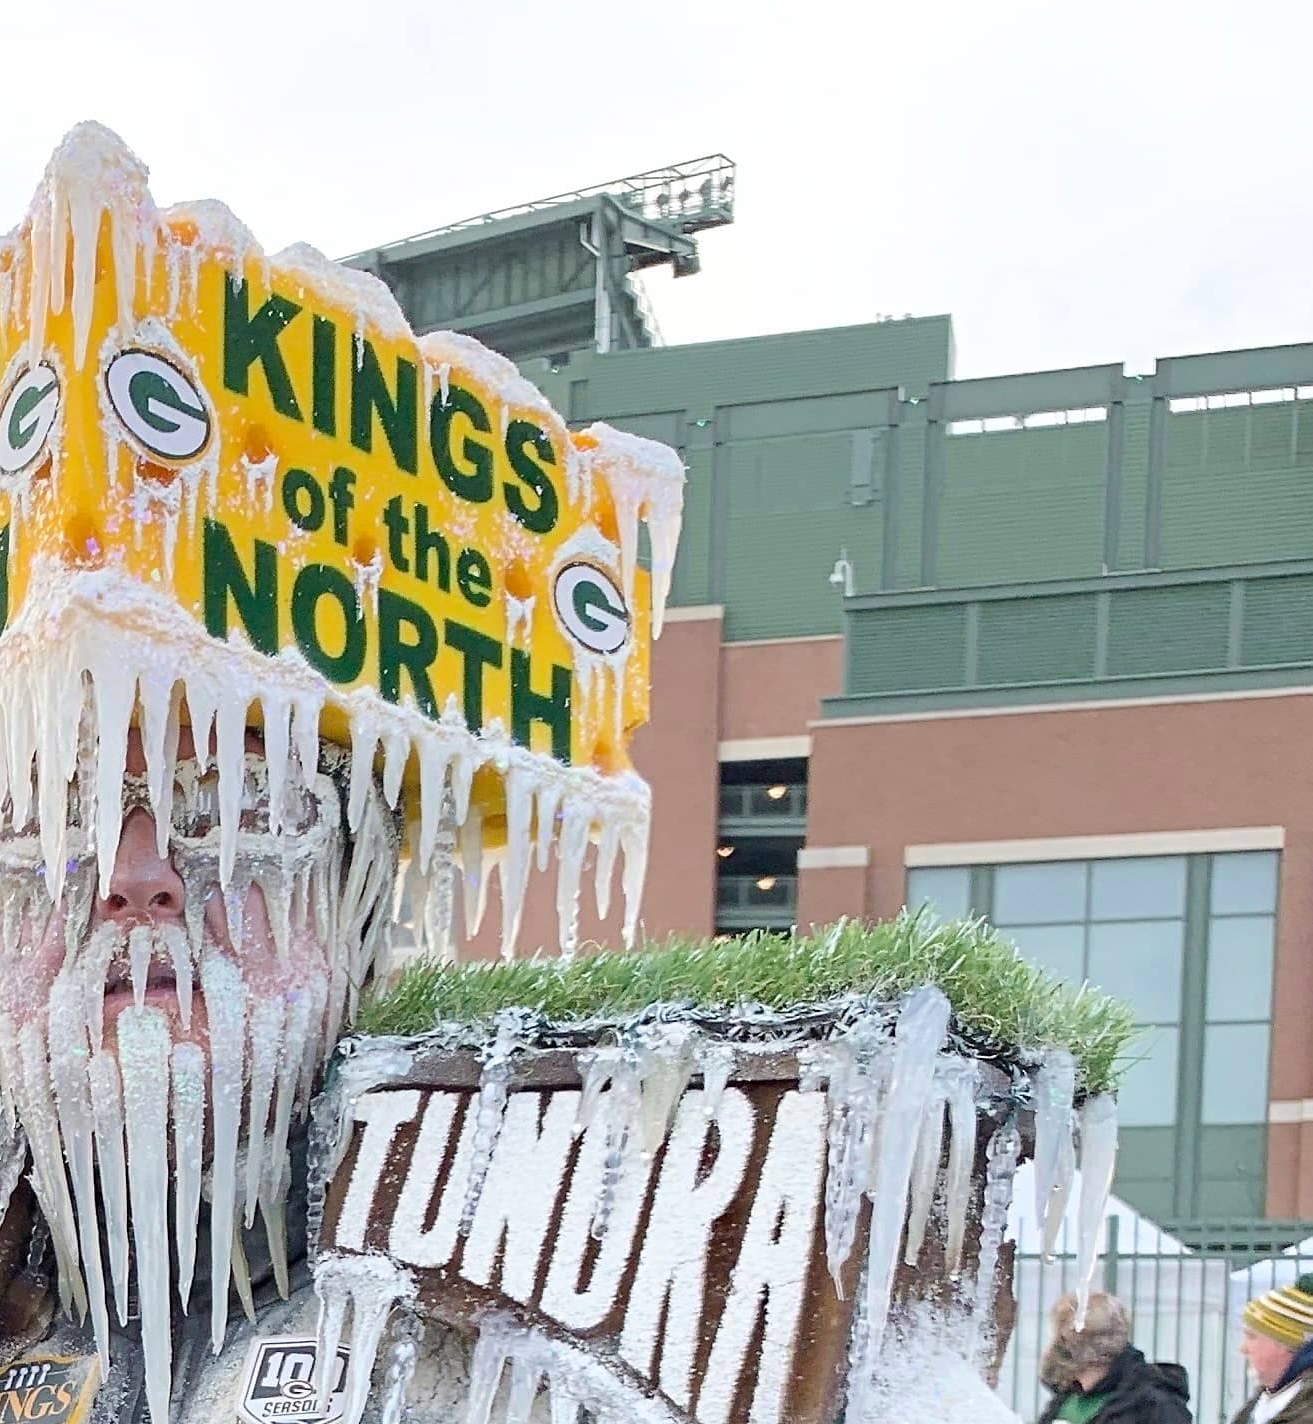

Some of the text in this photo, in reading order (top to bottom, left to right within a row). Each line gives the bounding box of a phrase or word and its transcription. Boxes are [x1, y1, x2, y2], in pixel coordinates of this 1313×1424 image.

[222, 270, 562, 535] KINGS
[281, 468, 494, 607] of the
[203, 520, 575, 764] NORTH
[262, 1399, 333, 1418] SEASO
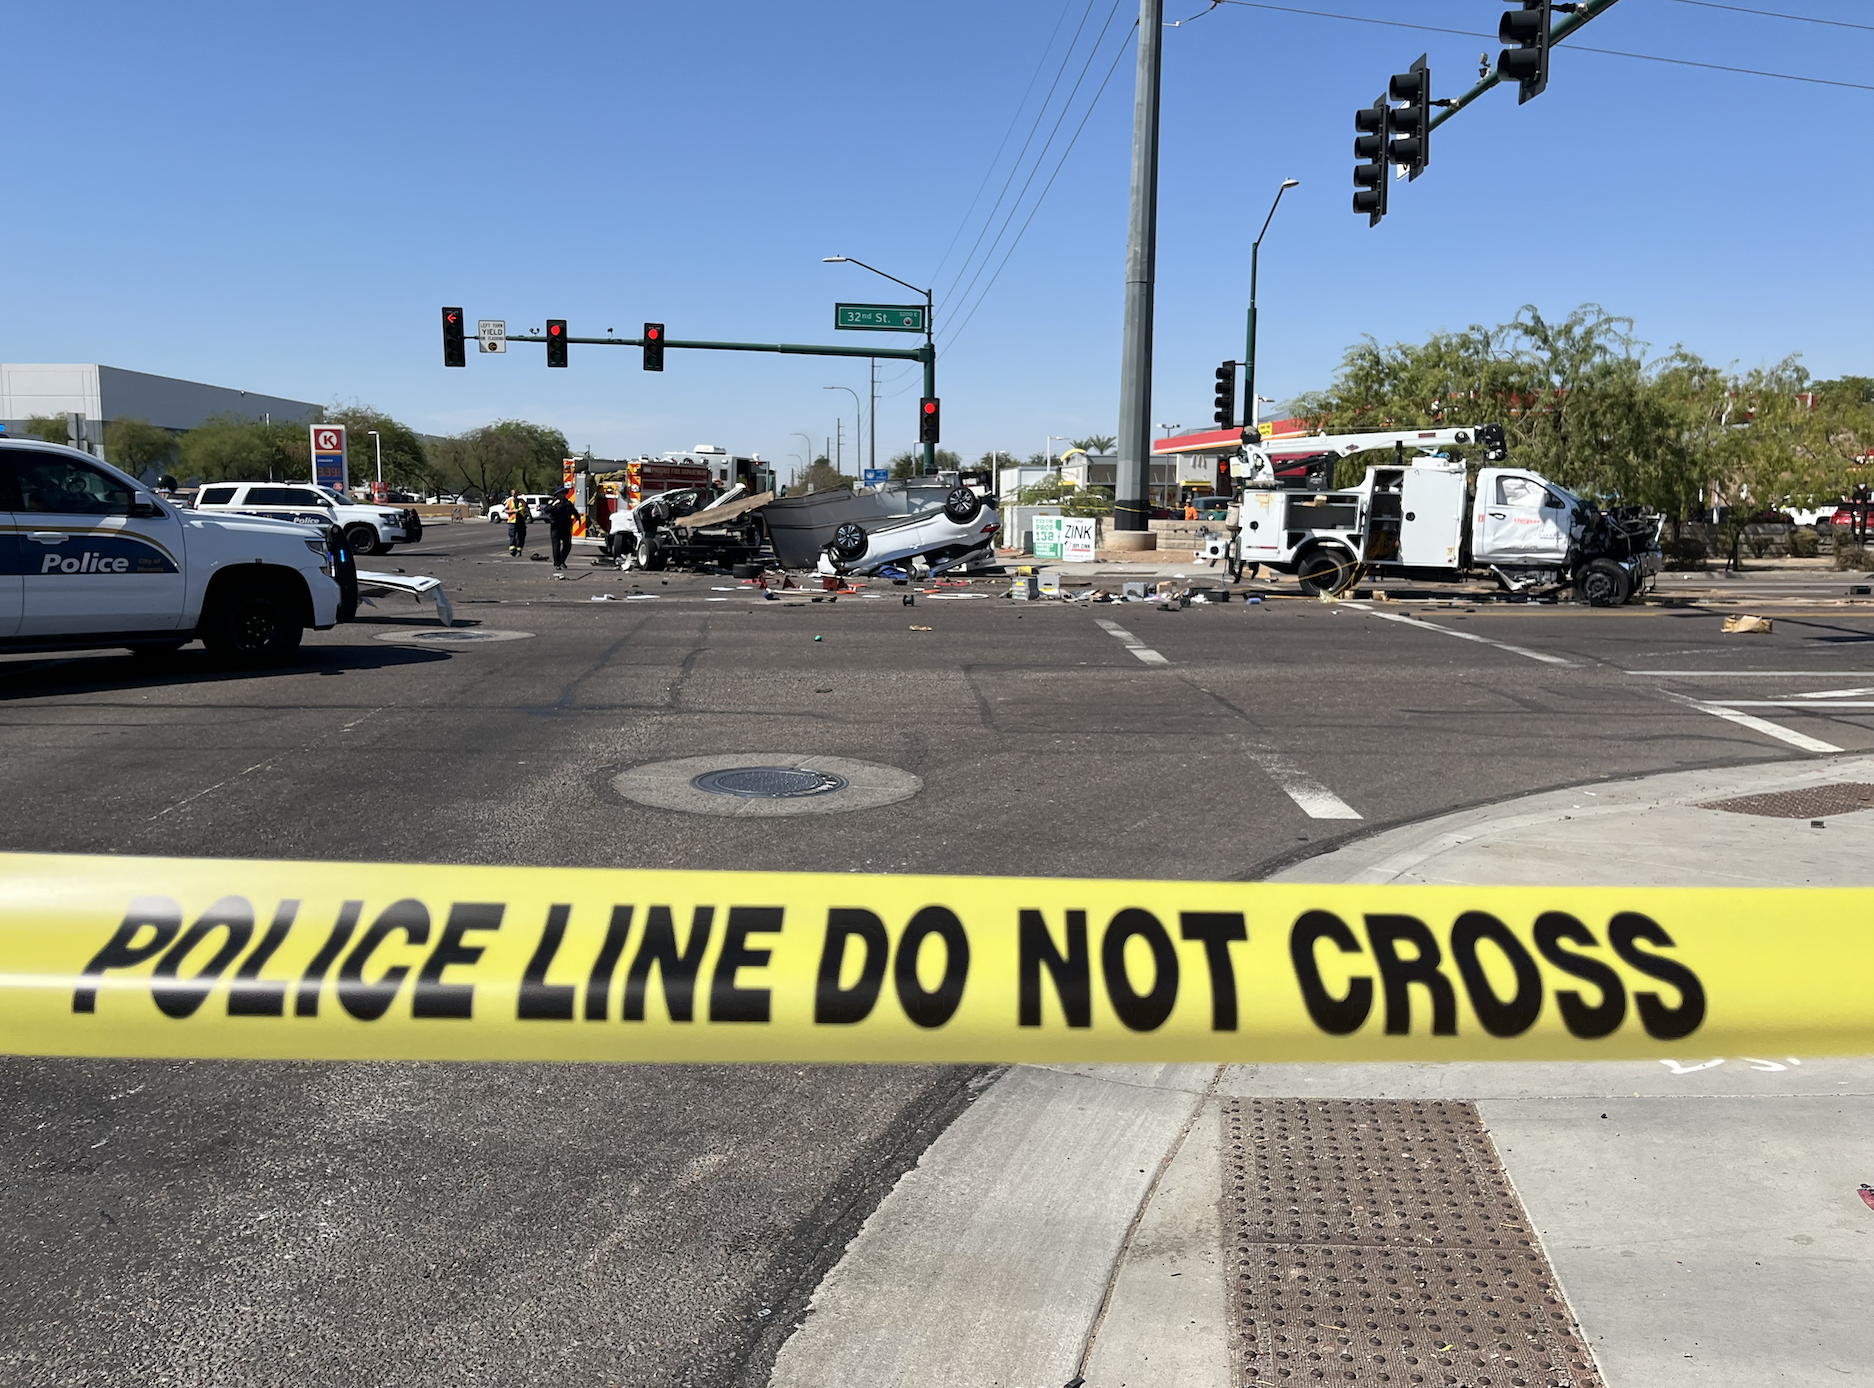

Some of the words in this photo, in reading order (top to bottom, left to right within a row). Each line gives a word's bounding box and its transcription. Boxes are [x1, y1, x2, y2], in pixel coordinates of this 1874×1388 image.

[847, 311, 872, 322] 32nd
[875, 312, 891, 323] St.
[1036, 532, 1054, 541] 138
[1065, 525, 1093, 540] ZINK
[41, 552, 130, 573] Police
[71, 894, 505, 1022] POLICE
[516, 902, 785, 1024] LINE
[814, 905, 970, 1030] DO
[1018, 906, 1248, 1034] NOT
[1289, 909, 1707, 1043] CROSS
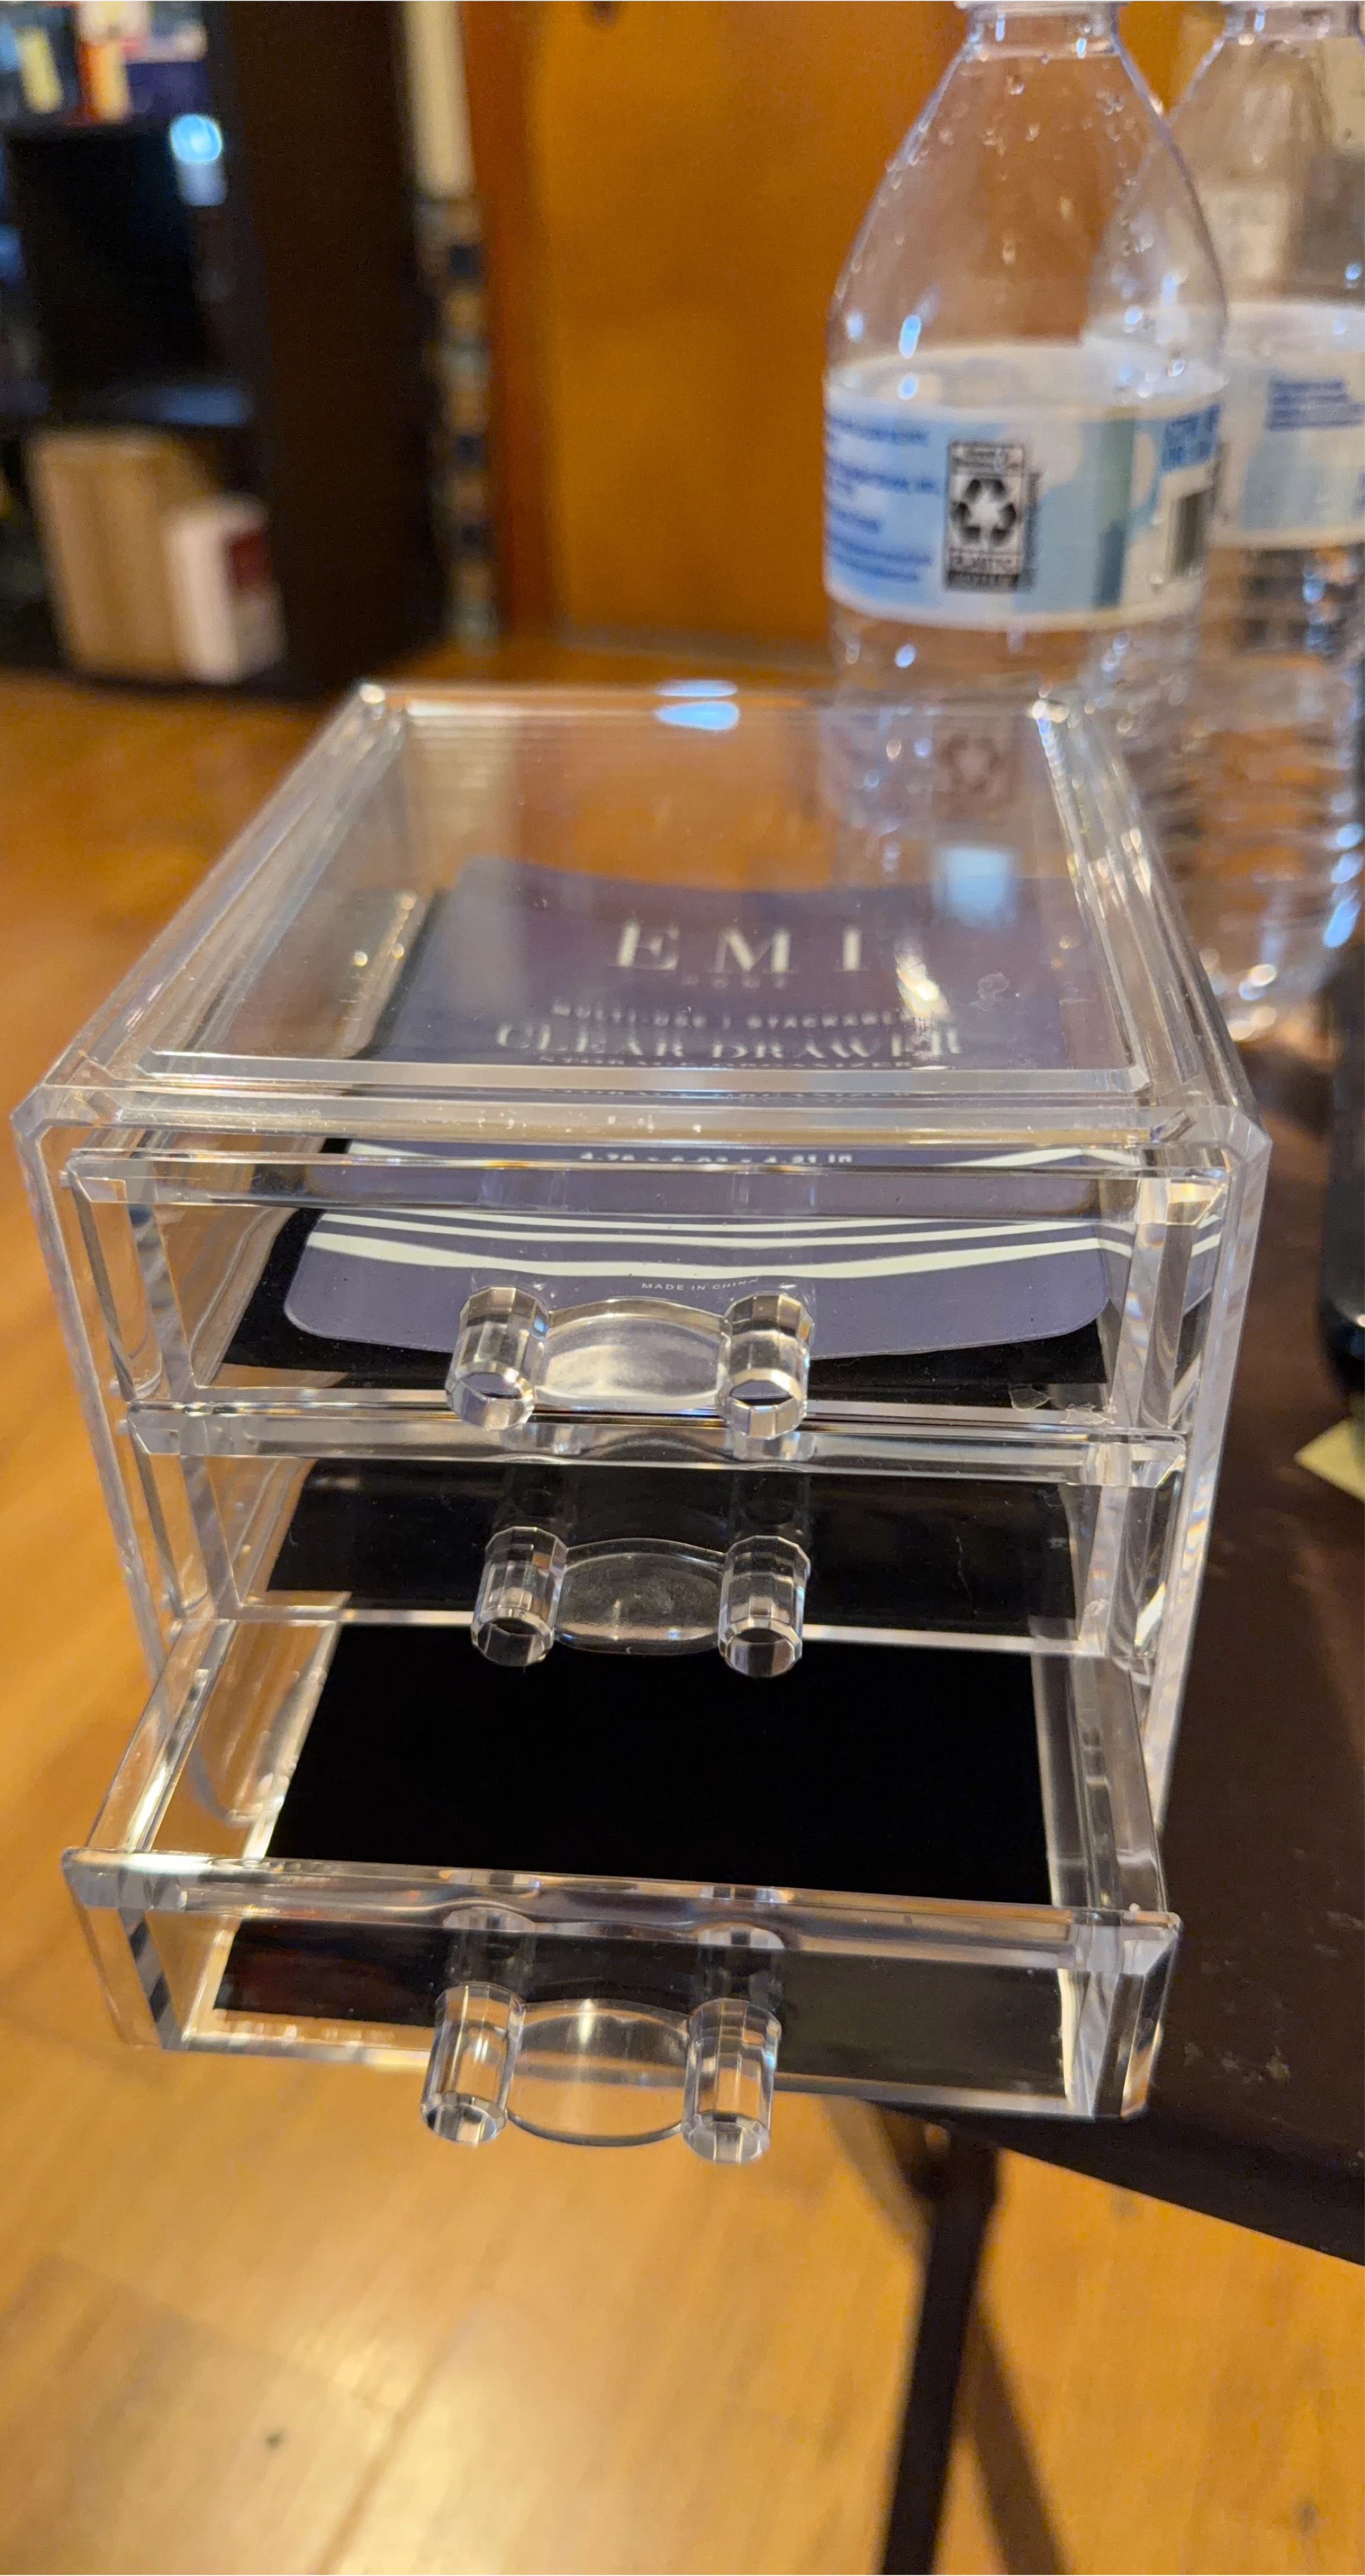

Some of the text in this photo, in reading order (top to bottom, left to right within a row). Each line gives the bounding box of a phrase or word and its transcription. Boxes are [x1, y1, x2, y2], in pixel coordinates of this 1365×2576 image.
---
**What is being asked**
Exclude the pictures, then retype every record exactly.

**Problem solution**
Some of the text in this photo, in reading order (top to bottom, left to right within a row). Each line gives the bounding box of a phrase or word and its transcription. Boxes are [x1, y1, x2, y2], in pixel coordinates of this 1313×1424 image.

[222, 270, 562, 535] KINGS
[281, 468, 494, 607] of the
[203, 520, 575, 764] NORTH
[262, 1399, 333, 1418] SEASO

Some of the words in this photo, in reading order (top to bottom, left to right within a row). Each line gives a word's bounding box and its transcription. Boxes are [x1, y1, x2, y2], in pixel coordinates of this 1874×1388 image.

[847, 311, 872, 322] 32nd
[875, 312, 891, 323] St.
[1036, 532, 1054, 541] 138
[1065, 525, 1093, 540] ZINK
[41, 552, 130, 573] Police
[71, 894, 505, 1022] POLICE
[516, 902, 785, 1024] LINE
[814, 905, 970, 1030] DO
[1018, 906, 1248, 1034] NOT
[1289, 909, 1707, 1043] CROSS

Some of the text in this photo, in reading order (top to bottom, left to right within a row). Each line gives the bounding box of a phrase or word and its transcription. Boxes are [x1, y1, x2, y2], in pixel coordinates of this 1365×2576 image.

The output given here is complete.